- Groq is raising $650 million from existing investors to grow its inference-cloud business, per Axios.
- The round follows December’s $20B not-an-acquisition deal with Nvidia, which involved key employee departures plus licensing Groq’s hardware tech to Nvidia.
- Groq’s existing backers Disruptive and Infinitium have agreed to fill the round if other existing investors don’t take their pro-rata shares.
- Groq’s new direction is led by interim CEO Adam Winter and interim CFO Matt Eng.
What Happened
Groq is raising $650 million from existing investors to grow its inference neocloud business, TechCrunch reported, citing Axios. The new direction is led by interim CEO Adam Winter and interim CFO Matt Eng. Groq’s existing backers Disruptive and Infinitium have agreed to fill the round if other existing investors don’t take their pro-rata shares — effectively guaranteeing the close.
Why It Matters
The raise is the first major post-Nvidia-deal capital event for Groq and clarifies the strategic direction. In December 2025, Groq struck what TechCrunch describes as ‘one of those not-an-acquisition agreements with Nvidia for a reported $20 billion.’ The deal involved the departure of senior Groq employees to Nvidia and the licensing of Groq’s hardware technology — preserving Groq as an independent entity while transferring meaningful technical and personnel value to Nvidia.
What’s left at Groq is the inference-cloud business: hosting Llama, Mixtral, Qwen, DeepSeek, and other open-weight models on Groq’s homegrown LPU (Language Processing Unit) hardware. The category — inference-layer companies offering open-weight model hosting at competitive prices — has consolidated through 2026, with Fireworks AI (reportedly at $15B valuation), Together AI, Anyscale, and Modal all in the upper tier alongside Groq.
Technical Details
The $650 million round is described as ‘effectively guaranteed’ because backstop commitments from Disruptive and Infinitium would fill any gap from other existing investors not taking their pro-rata shares. Inference — the processing that happens after an AI prompt — is a much larger commercial market than model training, where Nvidia GPUs dominate. Groq’s LPU architecture is specifically optimized for inference workloads.

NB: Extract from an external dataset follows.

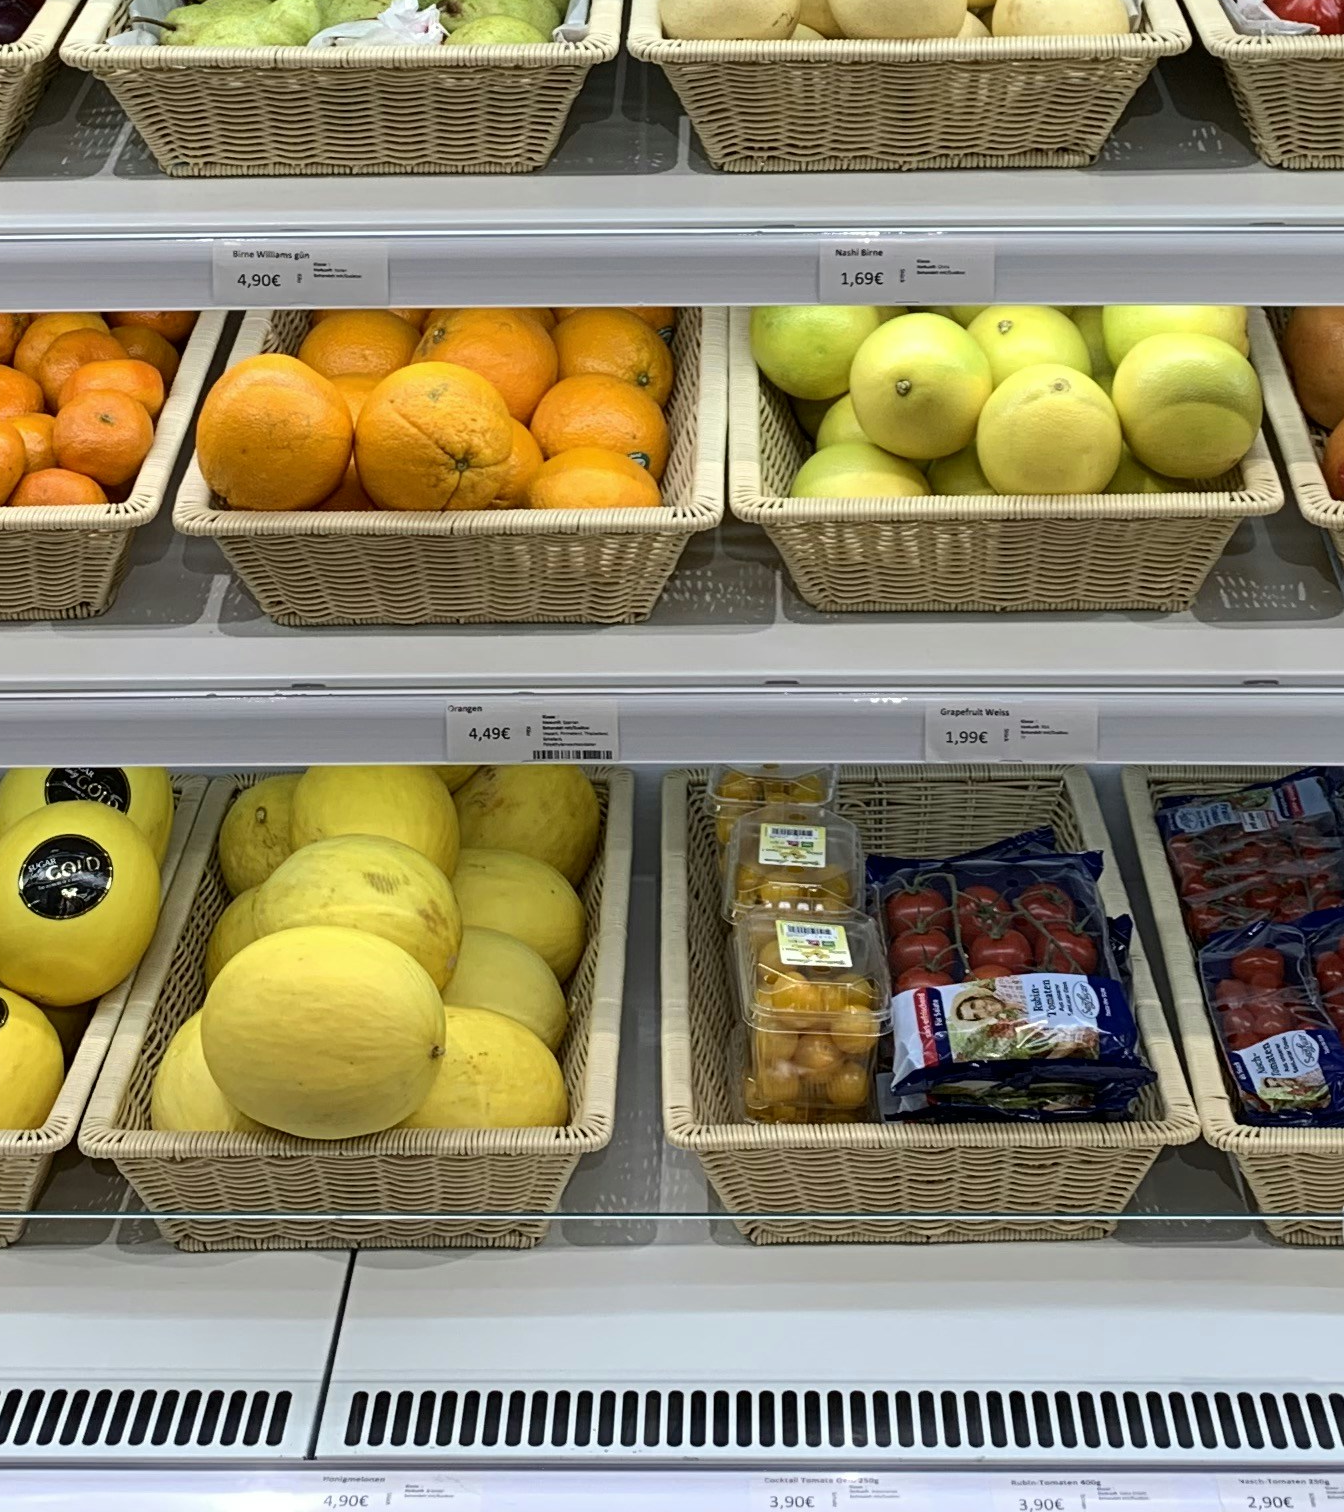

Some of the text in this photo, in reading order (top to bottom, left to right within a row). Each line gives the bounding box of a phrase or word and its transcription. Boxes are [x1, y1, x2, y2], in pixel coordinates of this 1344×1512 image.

The December $20B Nvidia deal mechanics: a ‘not-acqui-hire’ structure means Groq’s investors got paid out in cash for what would have been Nvidia’s largest purchase if it had been a full acquisition. The licensing component lets Nvidia incorporate Groq’s hardware-design innovations into Nvidia’s own next-generation inference products. The personnel transfer brought senior Groq engineering talent into Nvidia.
Who’s Affected
Groq’s existing investors gain a second bite at the apple — having been partially cashed-out in the Nvidia deal, they can now back the inference-cloud business. Groq’s enterprise customers (developers and companies hosting open-weight model workloads) gain confidence in continued platform investment. Direct competitors (Fireworks AI, Together AI, Anyscale, Modal) face pricing pressure on inference contracts. Nvidia, which now owns Groq’s licensed hardware tech, gains compounding capability gains in its own inference-product lineup.
What’s Next
Groq has not announced specific use-of-proceeds detail beyond growing the inference cloud business. The interim-CEO transition suggests a permanent CEO search is in flight. Industry watchers should track Groq’s customer-disclosure cadence and pricing changes through the rest of 2026.